Evandro Affonso Ferreira
Romance ganhador do Jabuti
tem olhar poético sobre excluídos
Premiado esta semana, romance de Evandro Affonso Ferreira representa guinada no estilo de autor conhecido por humor, lirismo e invenção verbal
Por Ronaldo Cagiano
Durante mais de uma década o ex-publicitário paulista Evandro Affonso Ferreira foi gerente de livraria e dono dos sebos Sagarana e Avalovara, que se converteram em ponto de encontro de amigos e escritores no bairro de Pinheiros. Por sua ligação visceral com a palavra, dedicou-se a explorar o diversificado universo do nosso idioma. Meio escafandrista, meio Quixote, alimentou seu dicionário particular após mergulhar em livros antigos, prospectando uma dicção inusitada e pouco corrente, resgatando expressões singulares que haviam caído em desuso ou no esquecimento. Desse léxico, garimpou termos que utilizaria no título de alguns de seus romances e como recurso semântico capaz de comunicar toda a carga de impacto e estranhamento dos dilemas humanos que pontuava em sua ficção.
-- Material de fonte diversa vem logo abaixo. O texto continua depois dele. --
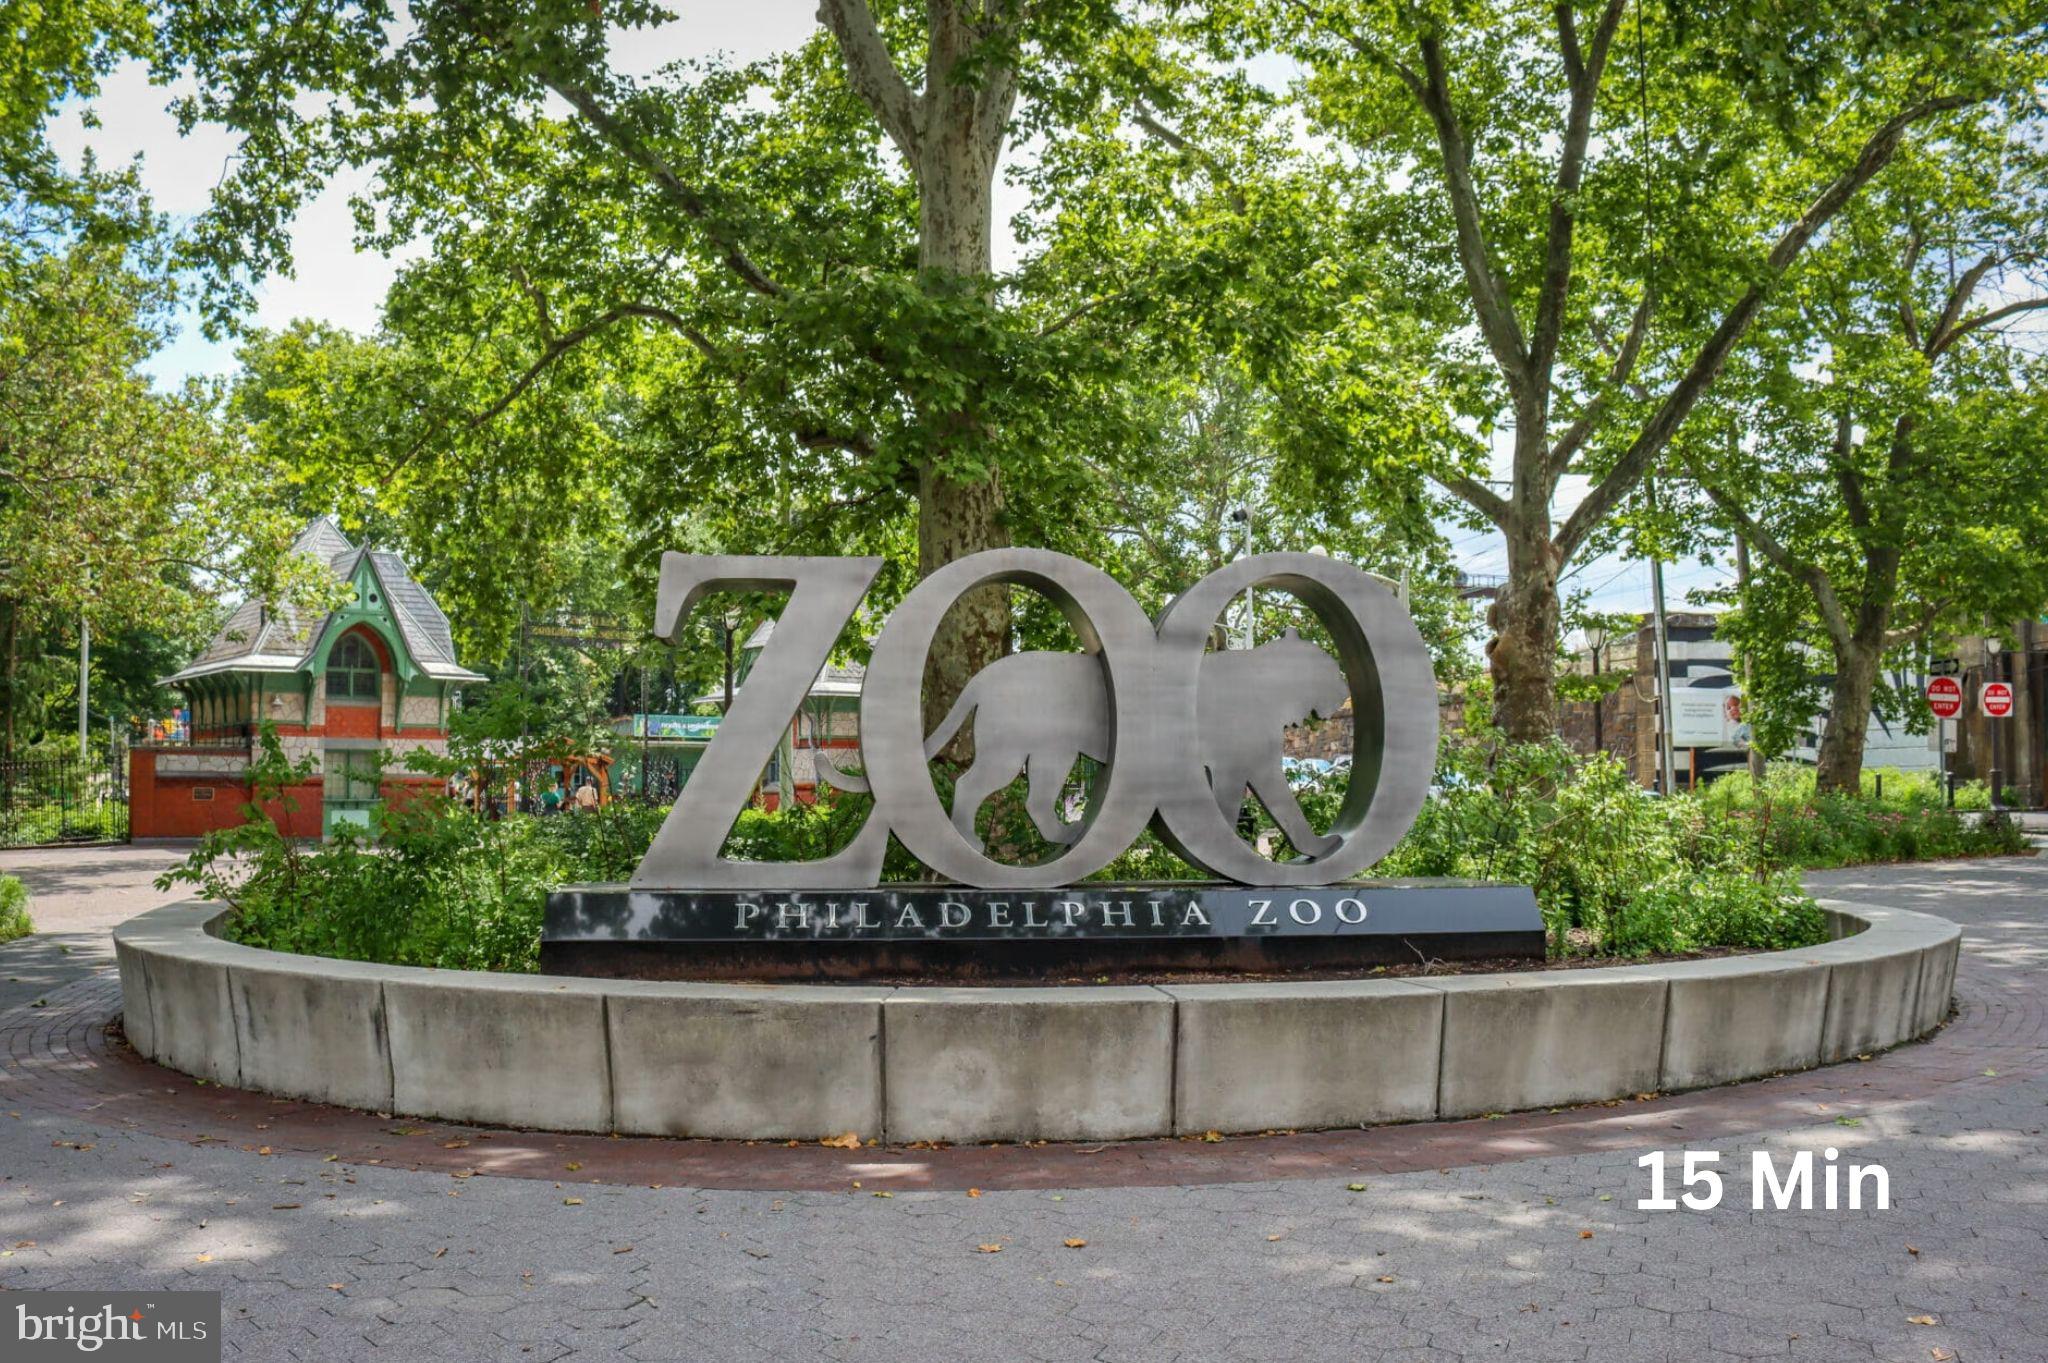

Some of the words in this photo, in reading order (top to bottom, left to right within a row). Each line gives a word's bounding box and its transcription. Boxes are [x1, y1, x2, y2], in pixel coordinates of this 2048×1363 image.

[631, 549, 1438, 890] ZOO
[735, 901, 1210, 929] PHILADELPHIA
[1248, 898, 1368, 925] ZOO
Autor de obras originais, detido na linguagem e numa prosa de atmosfera e viés metalinguístico mais do que no enredo, sobre os dramas pungentes que escreveu incorporou uma matriz literária também desconcertante, criando uma espécie de estética do desassossego. Daí resultam o minimalismo estiloso dos contos de “Grogotó” (2000) e a temática escatológica e de construção refinada dos romances “Araã!” (2002), “Erefuê” (2004), “Zaratempô” (2005) e “Catrâmbias” (2006). Por esse conjunto recebeu de Millôr Fernandes o epíteto de “o vivificador das palavras”, genializando suas extrações do aluvião vernacular.
elogio da loucura
O seu processo criativo sofreu uma guinada, representando verdadeira metamorfose formal e temática com a publicação de “Minha mãe se matou sem dizer adeus” (Ed. Record, 2010), primeira obra de uma trilogia existencial que abordará a vida dos excluídos afetivos, psicológicos e sociais, sem a escrita radical e hermética dos livros anteriores, interessado apenas no homem e seu destino. Recebido com entusiasmo pela crítica, conquistou o prêmio de melhor romance da APCA-2010, além de finalista dos prêmios Jabuti e São Paulo de Literatura. Retrata as inquietações de um narrador octogenário, nostálgico, deslocado e assíduo cliente da confeitaria de um shopping que, enquanto espera a morte, recorre às lembranças de sua vida, dialoga telepaticamente com os clientes e rumina a dor que o atormenta desde o suicídio da mãe.
Retomando a preocupação com o espólio das quedas e fracassos, lançou “O mendigo que sabia de cor os adágios de Erasmo de Rotterdam“, premiado esta semana com o Jabuti de melhor romance. Nessa escrita sofisticada, que mistura ironia e lirismo, vemos um narrador erudito que, tragado pelas contingências de uma débâcle pessoal, virou um sem-teto ao ser abandonado pela esposa, que deixou-lhe um bilhete lacônico e devastador: “Acabou-se: adeus”.
Afundado no pesadelo de seu desmoronamento, esse ser errante transforma-se num Sísifo obstinado, carregando nas costas as pedras de uma obcecada mas ilusória esperança do retorno da amada, conhecida apenas pela letra “N” grafitada nos muros da cidade. Para a absorção dolorosa de sua realidade, ele se nutre e se consola nos próprios delírios entoando um adágio, que repete como se fosse um refrão — “ela virá, eu sei”.
Sobrevivendo debaixo de um viaduto, convive com os seus próprios escombros e os destroços físicos e humanos da cidade, dividindo sua angústia com outras figuras apartadas. A relação é permeada por um discurso erudito e revelador de uma aguda observação do cotidiano, partilhada com interlocutores imaginários — o “senhor”, a “mulher molusco” e o “menino borboleta”, habitantes de sua íntima periferia. Em seu trânsito onírico recorre à reflexão filosófica sobre sua decadência e seus despojos por meio de alusões aos adágios do filósofo holandês, senha com a qual enfrenta a dureza dessa aniquilação, até o momento em que, derrotado pela insanidade, vê sua mente ser devorada pelos ratos, fim de toda a esperança.
Metáfora do sofrimento e da decrepitude individual numa sociedade fetichizada pelo absolutismo da tecnologia e do mercado, que avilta os sentimentos e banaliza os sonhos, o romance de Evandro Affonso Ferreira é também uma viagem sensível e poética à dimensão trágica da vida e um emocionado elogio da loucura que se esconde em nós.
Ronaldo Cagiano é autor de "Dicionário de pequenas solidões" (Língua Geral, Rio, 2006) e "O sol nas feridas" (Dobra Ideias, SP, 2011).